▸ DIRECTIONS FOR THIS TASK:
Retype each record below word for word. Leave the pictures out.

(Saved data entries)
Content starts
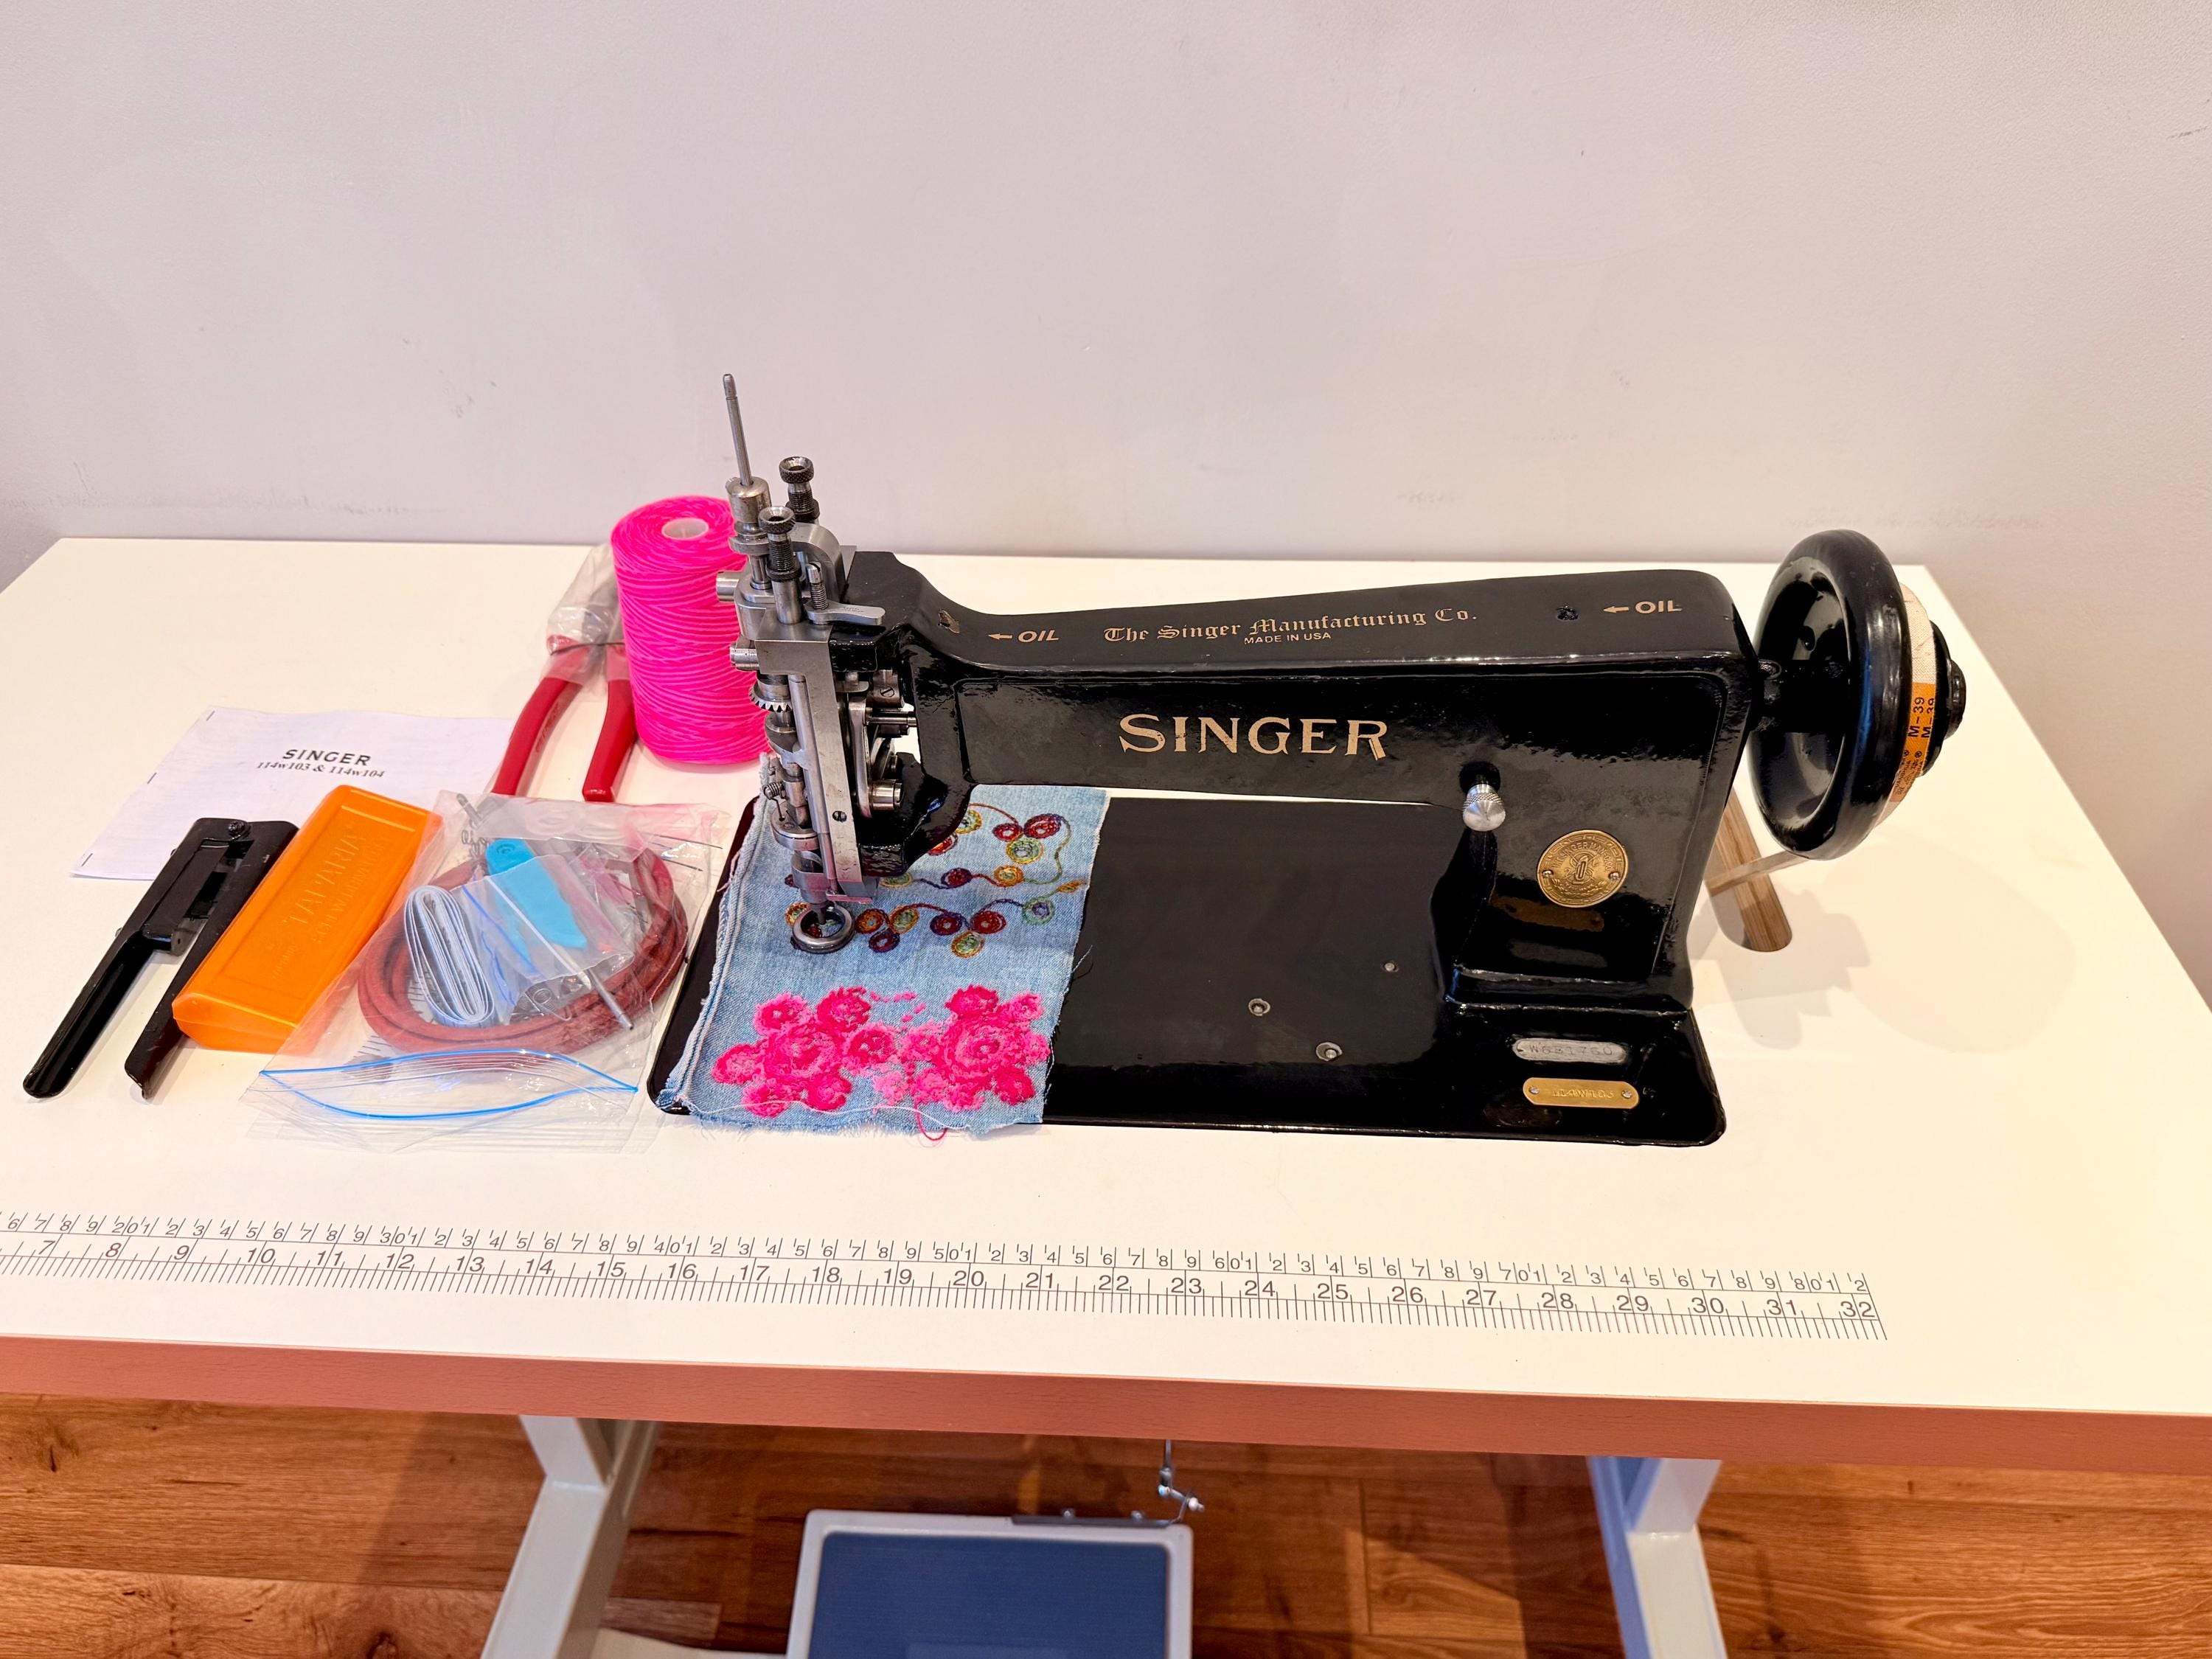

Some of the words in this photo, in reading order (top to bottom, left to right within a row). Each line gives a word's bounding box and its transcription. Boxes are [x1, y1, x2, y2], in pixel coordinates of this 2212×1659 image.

[1635, 600, 1683, 614] OIL
[1104, 627, 1149, 643] The
[1157, 625, 1241, 640] Singer
[1250, 611, 1427, 636] Manufacturing
[1435, 608, 1478, 622] Co.
[1018, 630, 1060, 643] OIL
[1245, 635, 1282, 644] MADE
[1287, 633, 1300, 641] IN
[1304, 632, 1332, 641] USA
[1118, 713, 1388, 761] SINGER
[282, 749, 371, 766] SINGER
[257, 762, 310, 771] 114w103
[329, 766, 385, 777] 114w104
[7, 1218, 20, 1229] 6
[34, 1219, 47, 1231] 7
[59, 1220, 72, 1231] 8
[86, 1221, 99, 1233] 9
[165, 1224, 178, 1235] 2
[192, 1225, 205, 1237] 3
[220, 1225, 232, 1237] 4
[246, 1227, 259, 1239] 5
[273, 1228, 285, 1239] 6
[300, 1229, 312, 1240] 7
[325, 1230, 338, 1242] 8
[352, 1231, 365, 1242] 9
[434, 1234, 447, 1246] 2
[462, 1235, 473, 1247] 3
[489, 1237, 501, 1248] 4
[516, 1237, 528, 1249] 5
[544, 1238, 555, 1250] 6
[571, 1239, 583, 1251] 7
[599, 1239, 610, 1252] 8
[627, 1240, 638, 1253] 9
[710, 1243, 723, 1255] 2
[739, 1244, 750, 1256] 3
[766, 1244, 777, 1256] 4
[795, 1245, 805, 1256] 5
[822, 1245, 833, 1257] 6
[851, 1246, 861, 1258] 7
[878, 1247, 888, 1259] 8
[906, 1248, 917, 1259] 9
[990, 1250, 1001, 1262] 2
[1018, 1251, 1029, 1262] 3
[1046, 1251, 1057, 1263] 4
[1074, 1252, 1085, 1264] 5
[1102, 1253, 1113, 1265] 6
[1130, 1254, 1141, 1266] 7
[1159, 1255, 1169, 1267] 8
[1186, 1256, 1197, 1268] 9
[1272, 1259, 1283, 1271] 2
[1301, 1260, 1311, 1273] 3
[1329, 1262, 1340, 1273] 4
[1357, 1263, 1368, 1275] 5
[1386, 1265, 1397, 1276] 6
[1415, 1265, 1425, 1277] 7
[1444, 1266, 1455, 1279] 8
[1472, 1267, 1484, 1279] 9
[1561, 1271, 1573, 1283] 2
[1590, 1272, 1601, 1284] 3
[1619, 1273, 1631, 1285] 4
[1649, 1274, 1659, 1286] 5
[1677, 1275, 1689, 1287] 6
[1705, 1276, 1717, 1287] 7
[1736, 1276, 1747, 1289] 8
[1764, 1277, 1776, 1290] 9
[1854, 1280, 1867, 1291] 2
[38, 1240, 55, 1255] 7
[105, 1242, 122, 1258] 8
[173, 1245, 190, 1260] 9
[247, 1248, 276, 1264] 10
[317, 1251, 343, 1267] 11
[386, 1253, 414, 1270] 12
[456, 1256, 484, 1273] 13
[526, 1259, 554, 1275] 14
[597, 1261, 626, 1277] 15
[668, 1262, 697, 1279] 16
[740, 1265, 770, 1281] 17
[812, 1267, 841, 1283] 18
[883, 1268, 913, 1284] 19
[953, 1270, 985, 1287] 20
[1025, 1272, 1054, 1289] 21
[1098, 1275, 1130, 1291] 22
[1171, 1277, 1202, 1294] 23
[1244, 1279, 1276, 1297] 24
[1317, 1283, 1349, 1300] 25
[1391, 1286, 1423, 1303] 26
[1466, 1289, 1497, 1306] 27
[1541, 1292, 1574, 1310] 28
[1616, 1294, 1649, 1312] 29
[1691, 1297, 1724, 1314] 30
[1766, 1299, 1797, 1316] 31
[1840, 1301, 1875, 1318] 32
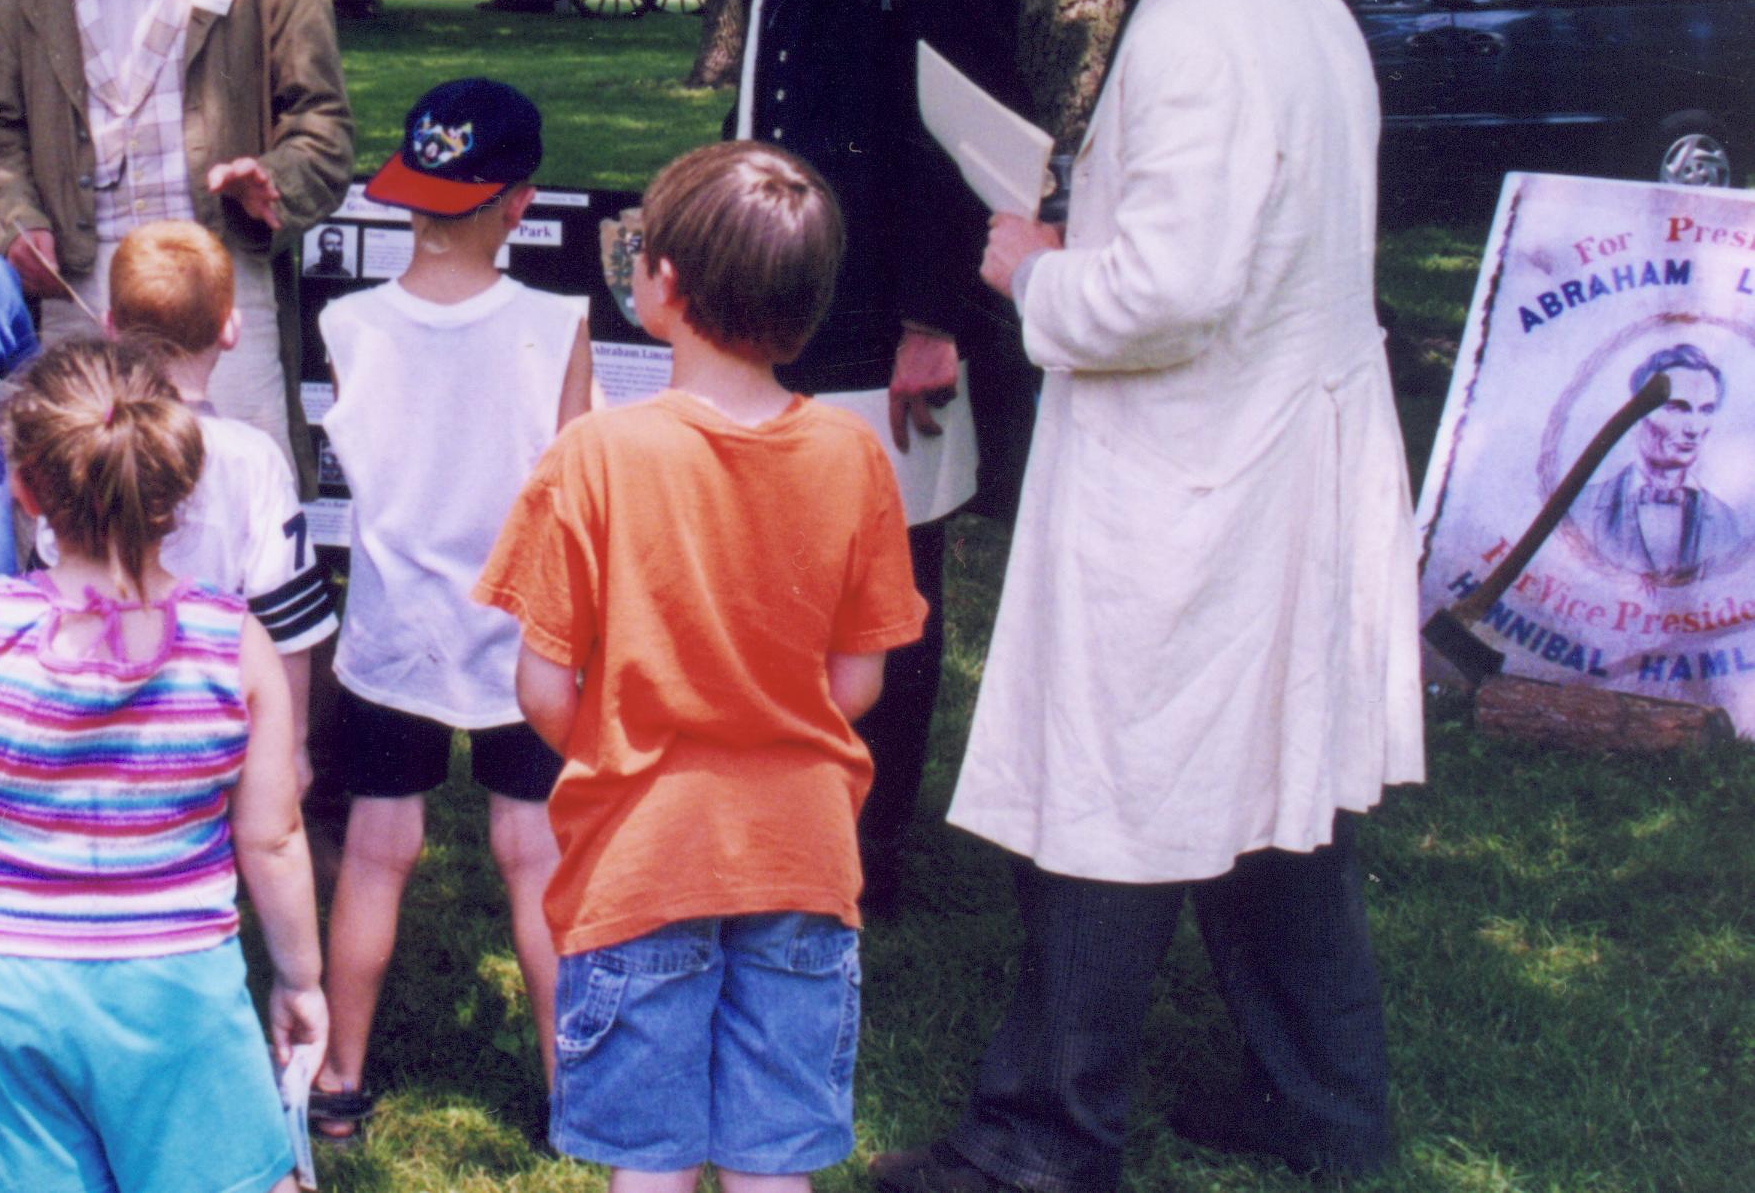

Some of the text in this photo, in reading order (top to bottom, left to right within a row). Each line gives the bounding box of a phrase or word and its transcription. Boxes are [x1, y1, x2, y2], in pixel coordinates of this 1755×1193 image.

[519, 225, 552, 238] Park
[1573, 232, 1633, 266] For
[1518, 258, 1692, 334] ABRAHAM
[1481, 536, 1541, 595] Fr
[1540, 574, 1607, 627] Vice
[1447, 570, 1609, 677] HNNIBAL
Content ends
▸ RESPONSE TO THIS TASK:
Some of the words in this photo, in reading order (top to bottom, left to right within a row). Each line gives a word's bounding box and its transcription. Boxes are [x1, y1, x2, y2], in pixel coordinates of this 2212×1659 image.

[1635, 600, 1683, 614] OIL
[1104, 627, 1149, 643] The
[1157, 625, 1241, 640] Singer
[1250, 611, 1427, 636] Manufacturing
[1435, 608, 1478, 622] Co.
[1018, 630, 1060, 643] OIL
[1245, 635, 1282, 644] MADE
[1287, 633, 1300, 641] IN
[1304, 632, 1332, 641] USA
[1118, 713, 1388, 761] SINGER
[282, 749, 371, 766] SINGER
[257, 762, 310, 771] 114w103
[329, 766, 385, 777] 114w104
[7, 1218, 20, 1229] 6
[34, 1219, 47, 1231] 7
[59, 1220, 72, 1231] 8
[86, 1221, 99, 1233] 9
[165, 1224, 178, 1235] 2
[192, 1225, 205, 1237] 3
[220, 1225, 232, 1237] 4
[246, 1227, 259, 1239] 5
[273, 1228, 285, 1239] 6
[300, 1229, 312, 1240] 7
[325, 1230, 338, 1242] 8
[352, 1231, 365, 1242] 9
[434, 1234, 447, 1246] 2
[462, 1235, 473, 1247] 3
[489, 1237, 501, 1248] 4
[516, 1237, 528, 1249] 5
[544, 1238, 555, 1250] 6
[571, 1239, 583, 1251] 7
[599, 1239, 610, 1252] 8
[627, 1240, 638, 1253] 9
[710, 1243, 723, 1255] 2
[739, 1244, 750, 1256] 3
[766, 1244, 777, 1256] 4
[795, 1245, 805, 1256] 5
[822, 1245, 833, 1257] 6
[851, 1246, 861, 1258] 7
[878, 1247, 888, 1259] 8
[906, 1248, 917, 1259] 9
[990, 1250, 1001, 1262] 2
[1018, 1251, 1029, 1262] 3
[1046, 1251, 1057, 1263] 4
[1074, 1252, 1085, 1264] 5
[1102, 1253, 1113, 1265] 6
[1130, 1254, 1141, 1266] 7
[1159, 1255, 1169, 1267] 8
[1186, 1256, 1197, 1268] 9
[1272, 1259, 1283, 1271] 2
[1301, 1260, 1311, 1273] 3
[1329, 1262, 1340, 1273] 4
[1357, 1263, 1368, 1275] 5
[1386, 1265, 1397, 1276] 6
[1415, 1265, 1425, 1277] 7
[1444, 1266, 1455, 1279] 8
[1472, 1267, 1484, 1279] 9
[1561, 1271, 1573, 1283] 2
[1590, 1272, 1601, 1284] 3
[1619, 1273, 1631, 1285] 4
[1649, 1274, 1659, 1286] 5
[1677, 1275, 1689, 1287] 6
[1705, 1276, 1717, 1287] 7
[1736, 1276, 1747, 1289] 8
[1764, 1277, 1776, 1290] 9
[1854, 1280, 1867, 1291] 2
[38, 1240, 55, 1255] 7
[105, 1242, 122, 1258] 8
[173, 1245, 190, 1260] 9
[247, 1248, 276, 1264] 10
[317, 1251, 343, 1267] 11
[386, 1253, 414, 1270] 12
[456, 1256, 484, 1273] 13
[526, 1259, 554, 1275] 14
[597, 1261, 626, 1277] 15
[668, 1262, 697, 1279] 16
[740, 1265, 770, 1281] 17
[812, 1267, 841, 1283] 18
[883, 1268, 913, 1284] 19
[953, 1270, 985, 1287] 20
[1025, 1272, 1054, 1289] 21
[1098, 1275, 1130, 1291] 22
[1171, 1277, 1202, 1294] 23
[1244, 1279, 1276, 1297] 24
[1317, 1283, 1349, 1300] 25
[1391, 1286, 1423, 1303] 26
[1466, 1289, 1497, 1306] 27
[1541, 1292, 1574, 1310] 28
[1616, 1294, 1649, 1312] 29
[1691, 1297, 1724, 1314] 30
[1766, 1299, 1797, 1316] 31
[1840, 1301, 1875, 1318] 32

Some of the text in this photo, in reading order (top to bottom, left to right within a row). Each line gives the bounding box of a phrase or word and its transcription. Boxes are [x1, y1, x2, y2], in pixel coordinates of this 1755×1193 image.

[519, 225, 552, 238] Park
[1573, 232, 1633, 266] For
[1518, 258, 1692, 334] ABRAHAM
[1481, 536, 1541, 595] Fr
[1540, 574, 1607, 627] Vice
[1447, 570, 1609, 677] HNNIBAL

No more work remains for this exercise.